Divine Condescension: Two Apologetical Arguments

by Theodore P. Rebard, Ph.D.

Upon being offered scriptural arguments for certain teachings, non-believers and believers alike ask a question that amounts to this: "Why should I believe the Bible?" Often the reply is given directly or indirectly by reference to this text of St. Paul (2 Tim. 3:16), "All scripture is inspired of God ... for reproof, correction, and training in holiness." It is easy to see, especially for the non-believer, that this answer involves a circular argument: it assumes just exactly what it is supposed to prove, namely that Scripture is divinely inspired.

How is it possible to "break in" to the circle? It has been the tradition of the Catholic Church since the earliest times to recognize that human reason, alone, and unassisted by supernatural grace, works as a prologue to belief. In other words, reason shows that what the Church teaches is both possible and plausible, even while it is not formally demonstrable.1 All the while, we must also acknowledge that reason, while assisting belief, is not a substitute for faith.
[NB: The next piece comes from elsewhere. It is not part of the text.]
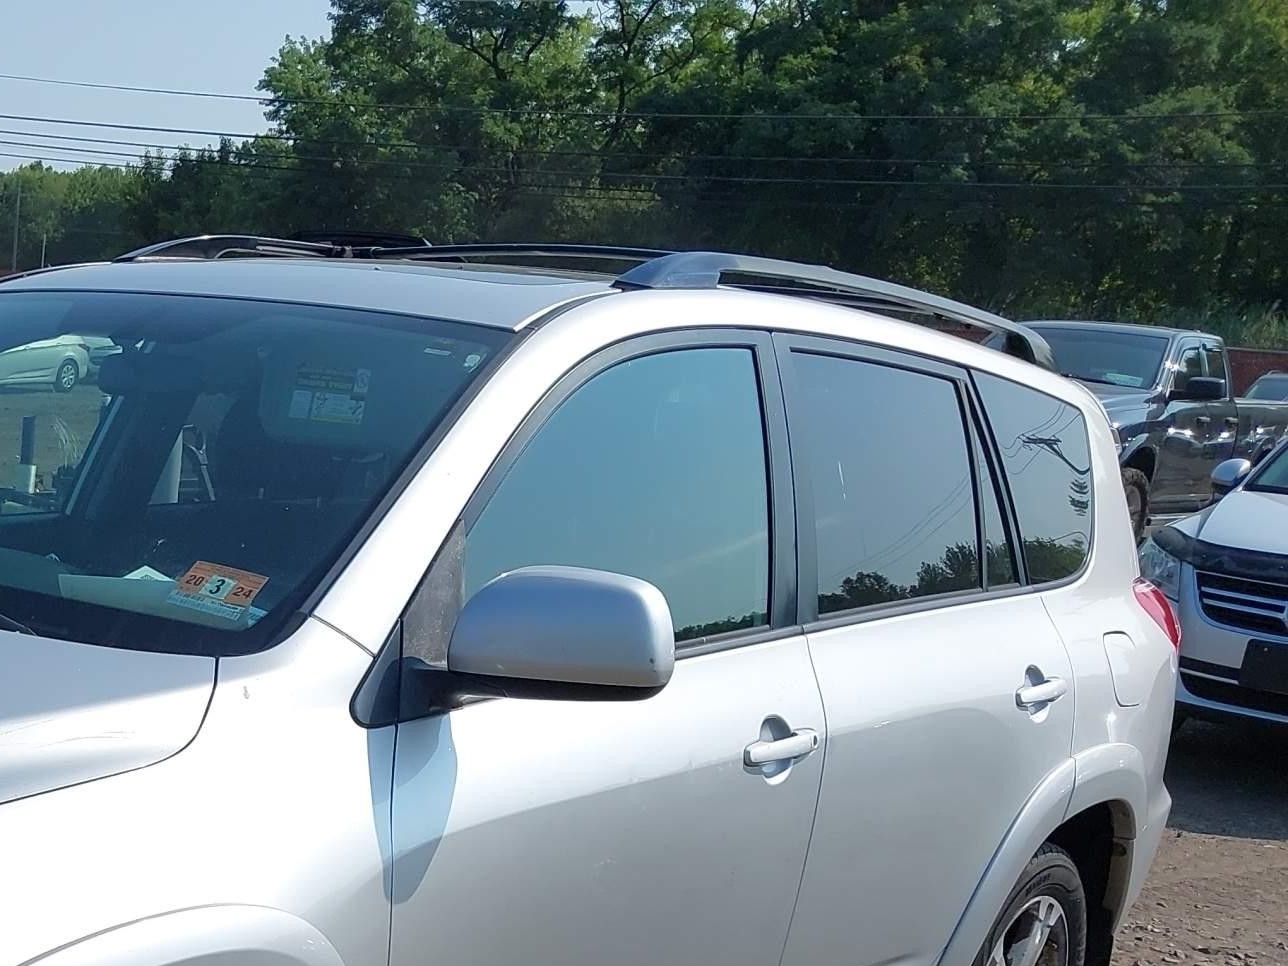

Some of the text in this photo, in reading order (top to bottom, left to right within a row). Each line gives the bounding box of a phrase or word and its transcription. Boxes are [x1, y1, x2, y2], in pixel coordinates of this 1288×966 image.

[185, 574, 205, 587] 20
[209, 579, 225, 595] 3
[232, 586, 253, 599] 24
Not only formal, technical philosophy, such as that of St. Thomas Aquinas, but simple experience also teaches that there are in human beings two distinctive ways of having a relationship with reality: the first is the dynamic thrust of the intellect towards truth, and the second is the desire of the will to possess and enact goodness.
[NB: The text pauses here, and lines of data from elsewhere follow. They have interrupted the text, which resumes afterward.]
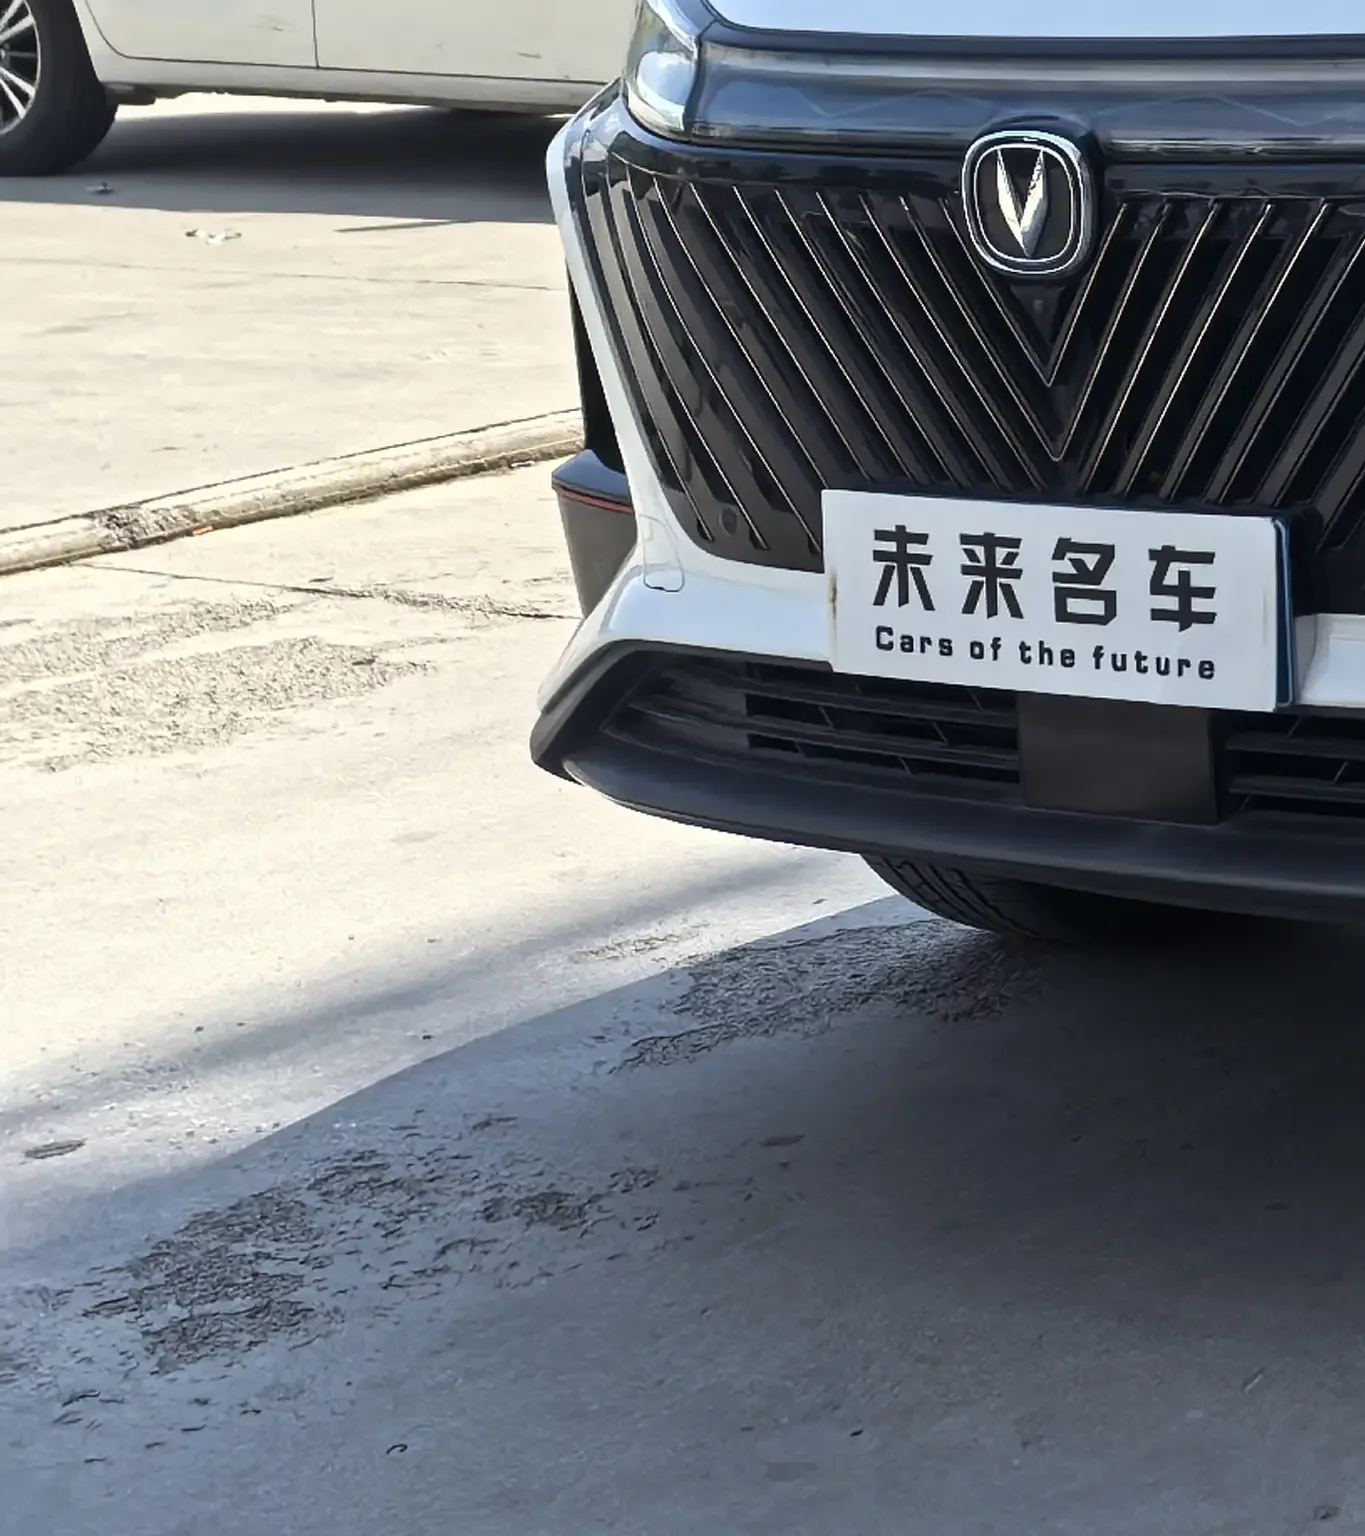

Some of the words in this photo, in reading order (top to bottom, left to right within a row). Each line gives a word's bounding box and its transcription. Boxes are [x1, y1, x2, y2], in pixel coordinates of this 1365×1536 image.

[872, 524, 1217, 632] 未来名车
[875, 625, 953, 657] Cars
[969, 636, 1002, 661] of
[1018, 640, 1076, 668] the
[1092, 645, 1216, 679] future
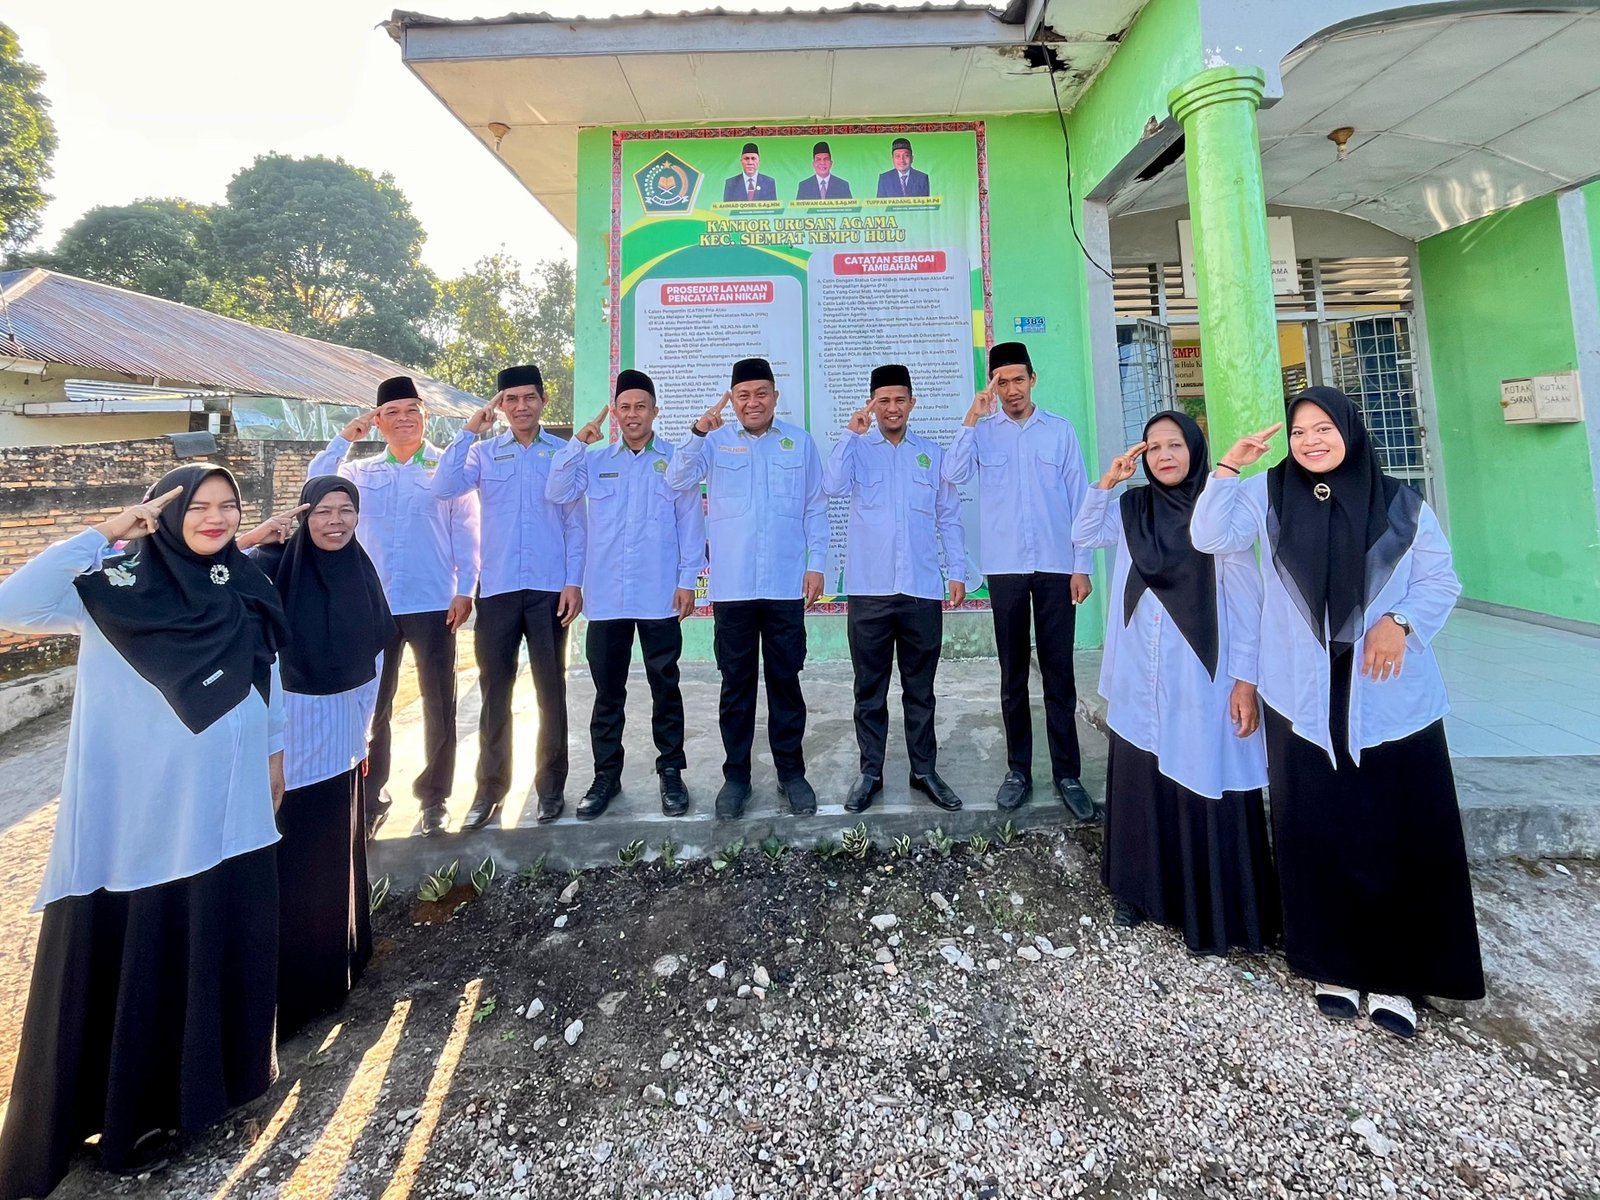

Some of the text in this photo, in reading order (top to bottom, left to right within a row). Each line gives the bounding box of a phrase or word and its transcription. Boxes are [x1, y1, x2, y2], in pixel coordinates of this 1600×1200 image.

[706, 215, 898, 233] KANTOR URUSAN AGAMA
[699, 228, 906, 247] KEC. SIEMPAT NEMPU HULU
[844, 254, 935, 264] CATATAN SEBAGAI
[862, 263, 918, 272] TAMBAHAN
[667, 284, 768, 294] PROSEDUR LAYANAN
[668, 292, 766, 303] PENCATATAN NIKAH
[1504, 385, 1532, 394] KOTAK
[1510, 396, 1533, 404] SARAN
As to the first, pagan Aristotle himself made the simple opening gambit of his book on Metaphysics to read: "All men by nature desire to know."2 That is, the craving for understanding and explanation of all things is built into our very human identity. As for the second, Blaise Pascal, 17th century scientist, philosopher, and mathematician noted in his Pensee, that there is in man an "abyss" of desire, which is unfillable by any of the (limited) goods we know in experience.3 These two parallel paths along which our lives are naturally propelled distinguish humans from brute animals according to human (intellectual) knowledge and (free and responsible) love.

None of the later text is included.